La reconstruction du CHU Ignace Deen entre dans une phase décisive. Lors d’une conférence de presse tenue ce vendredi 21 août 2026, la ministre de la Santé et de l’Hygiène publique, Kahité Sall, a fait le point sur le transfert des patients et la réorganisation des services avant le démarrage des travaux.

Au total, 84 patients nécessitant une continuité immédiate de leurs soins ont été transférés vers d’autres structures sanitaires de Conakry, notamment l’hôpital national Donka, l’hôpital de l’Amitié sino-guinéenne et le Camp Camayenne, en fonction de leurs besoins médicaux et des capacités d’accueil.
« À ce jour, les 84 patients nécessitant une continuité immédiate de leur prise en charge ont été transférés en toute sécurité. »
Selon la ministre, cette opération a été entièrement prise en charge par l’État. Aucun frais lié au transfert ou à la poursuite des soins n’a été supporté par les patients ou leurs familles. Pour assurer cette opération, 20 ambulances médicalisées et 8 camions ont notamment été mobilisés, avec un dispositif renforcé de sécurisation du site.

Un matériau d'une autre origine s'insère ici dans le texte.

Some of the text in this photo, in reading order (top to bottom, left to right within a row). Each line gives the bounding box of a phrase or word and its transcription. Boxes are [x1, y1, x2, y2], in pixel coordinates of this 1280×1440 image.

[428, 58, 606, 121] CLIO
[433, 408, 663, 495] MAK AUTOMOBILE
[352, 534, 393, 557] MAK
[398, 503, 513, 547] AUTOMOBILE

« Aucun frais lié au transfert ni à la prise en charge n’a été supporté par les patients ou leurs familles. »
La deuxième phase consiste désormais à aménager les espaces devant accueillir progressivement les différents services d’Ignace Deen. Les équipes techniques, médicales, administratives et logistiques sont mobilisées afin de rendre opérationnels, dès lundi, les services jugés les plus critiques.
La ministre assure par ailleurs que le CHU Ignace Deen n’est pas supprimé. Ses activités sont temporairement relocalisées le temps de sa reconstruction, tandis que son personnel et sa vocation hospitalo-universitaire seront maintenus.

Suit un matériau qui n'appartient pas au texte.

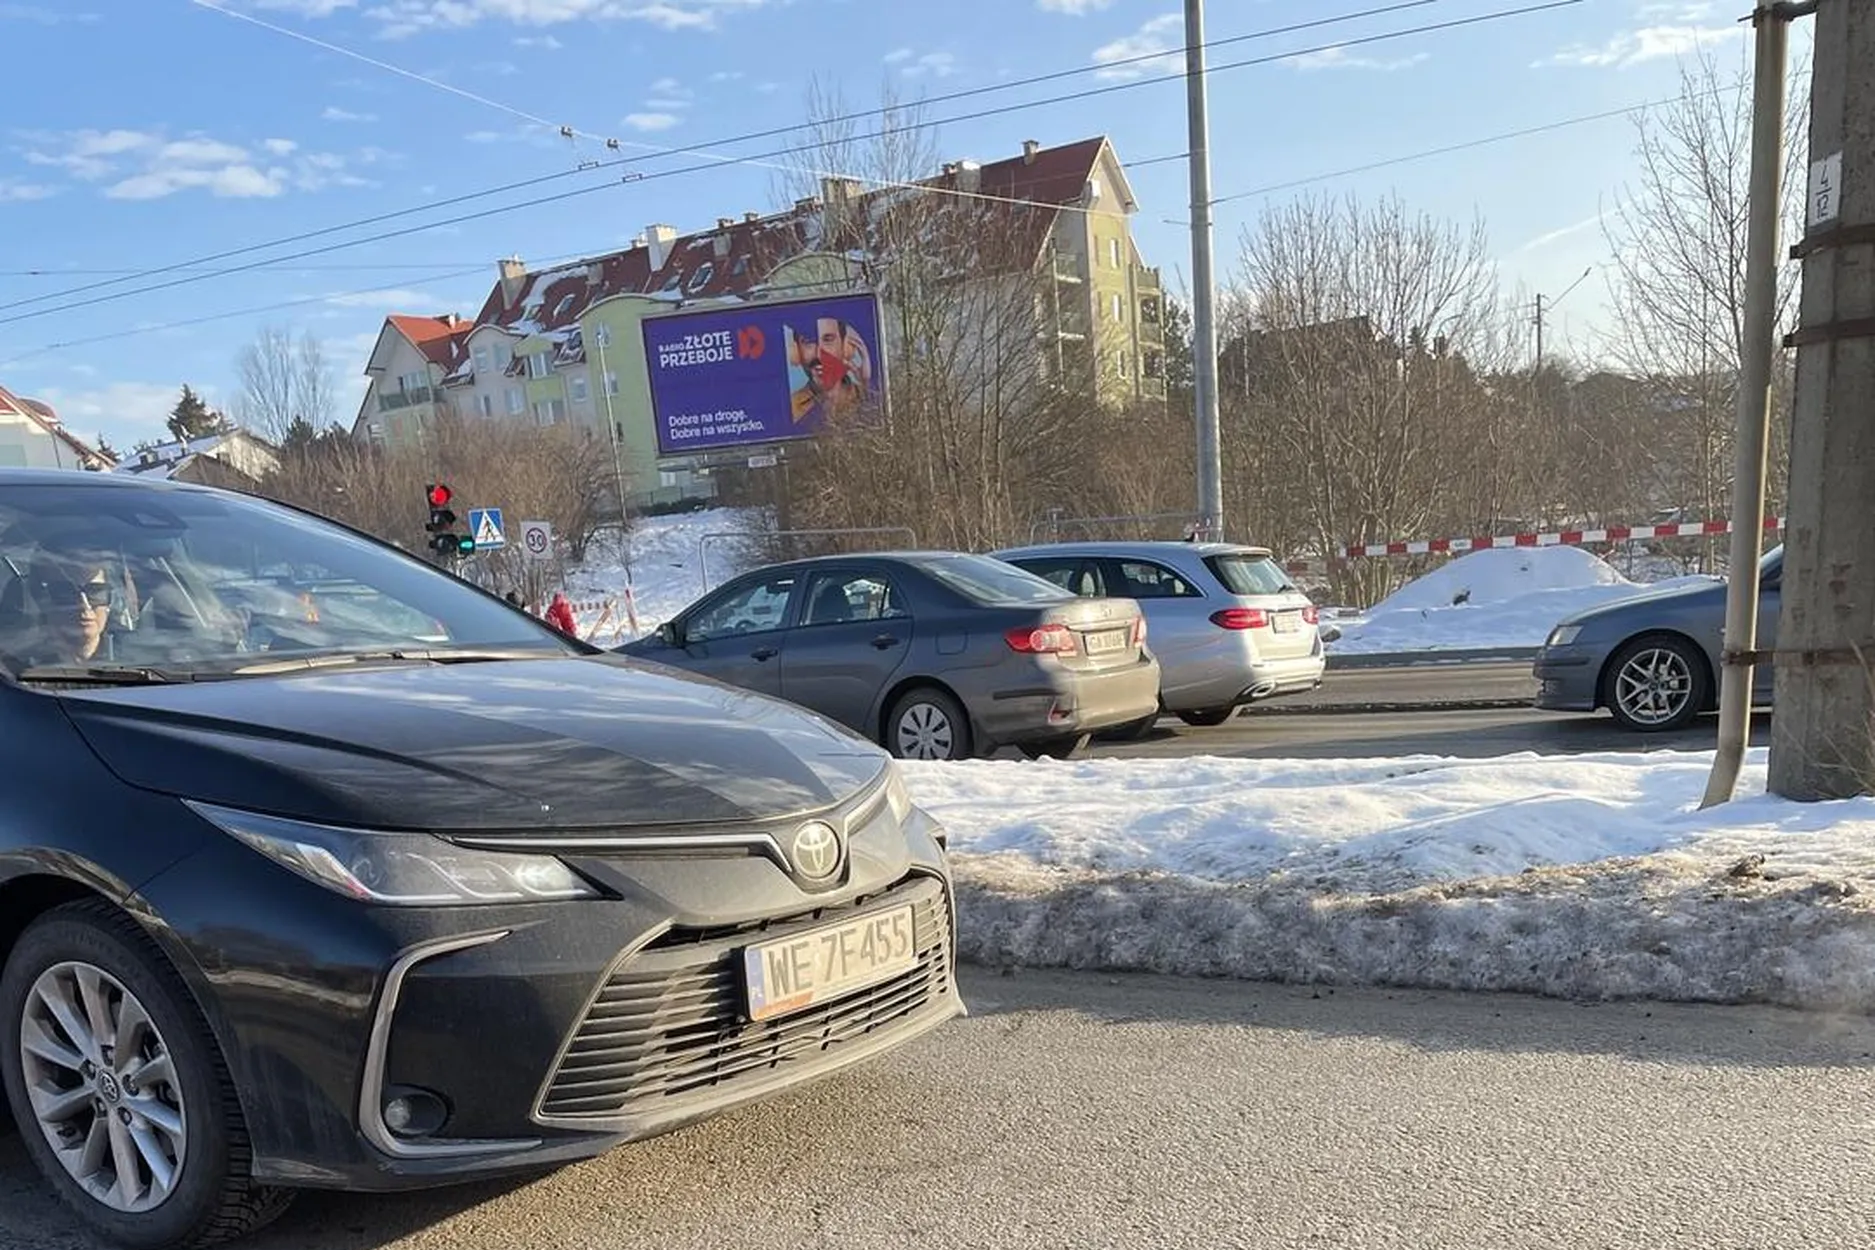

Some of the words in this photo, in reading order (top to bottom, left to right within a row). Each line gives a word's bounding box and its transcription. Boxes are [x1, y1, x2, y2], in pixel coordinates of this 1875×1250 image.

[684, 331, 731, 349] ZŁOTE
[660, 347, 733, 368] PRZEBOJE
[669, 414, 698, 427] Dobre
[701, 413, 713, 423] na
[671, 428, 700, 440] Dobre
[703, 426, 715, 436] na
[768, 941, 814, 998] WE
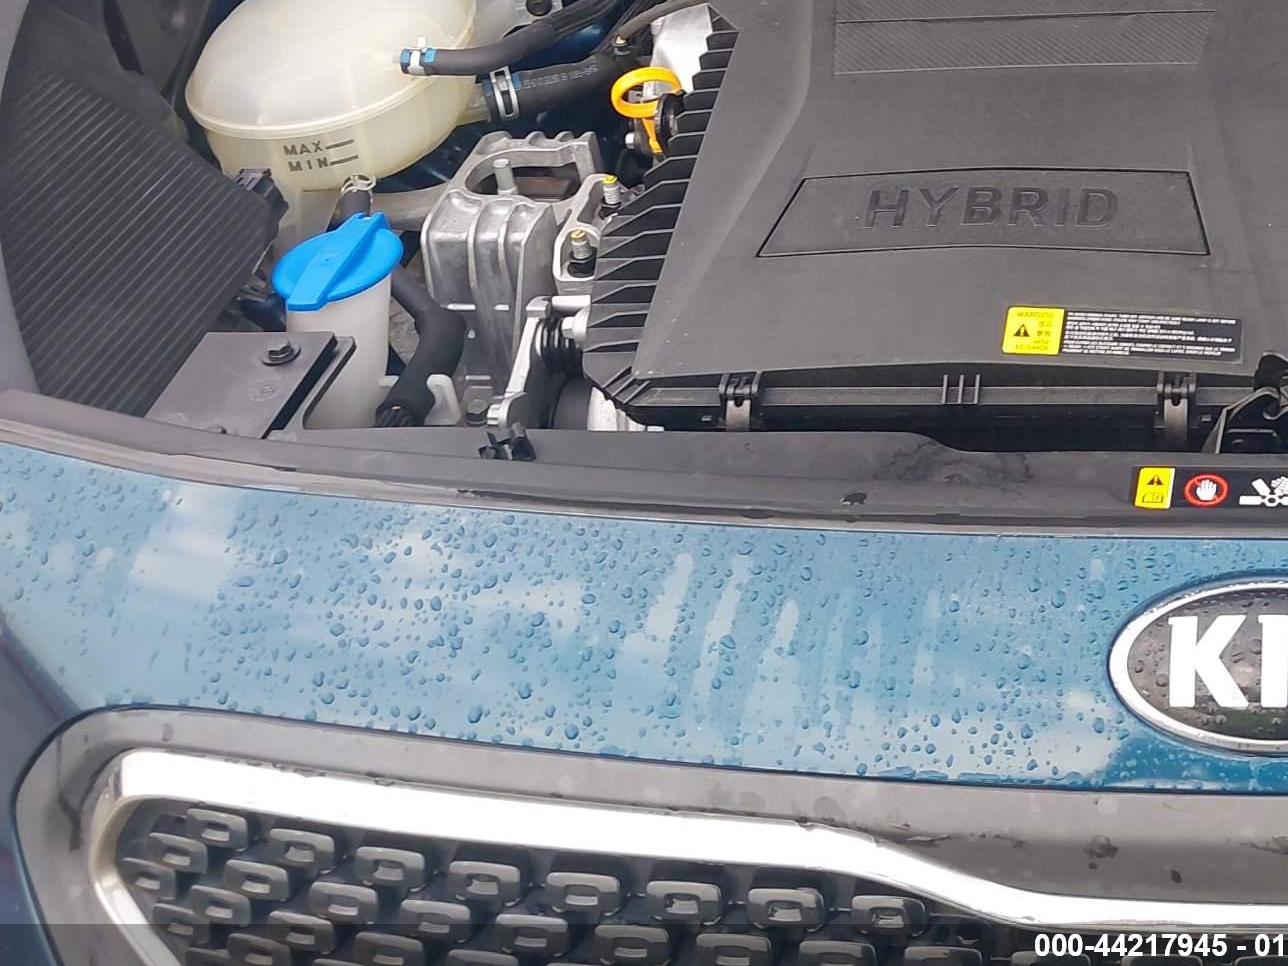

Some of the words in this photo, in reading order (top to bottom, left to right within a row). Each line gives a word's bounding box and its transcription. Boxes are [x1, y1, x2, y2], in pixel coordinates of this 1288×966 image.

[283, 140, 323, 155] MAX
[288, 156, 328, 172] MIN
[864, 186, 1119, 228] HYBRID

Concernant le coût de cette vaste opération, aucun montant total n’a encore été communiqué au cours de la conférence de presse. La ministre a indiqué que l’évaluation financière globale n’était, pour le moment, pas encore connue.
« Nous construisons un hôpital pour mieux soigner : nous devons donc garantir la continuité des soins pendant toute la période de transition. »
La reconstruction doit, à terme, permettre de repenser l’organisation de l’établissement, ses circuits de patients, ses plateaux techniques et les conditions de travail du personnel. L’objectif affiché par les autorités est également de renforcer les soins spécialisés en Guinée et de réduire progressivement le recours aux évacuations sanitaires à l’étranger.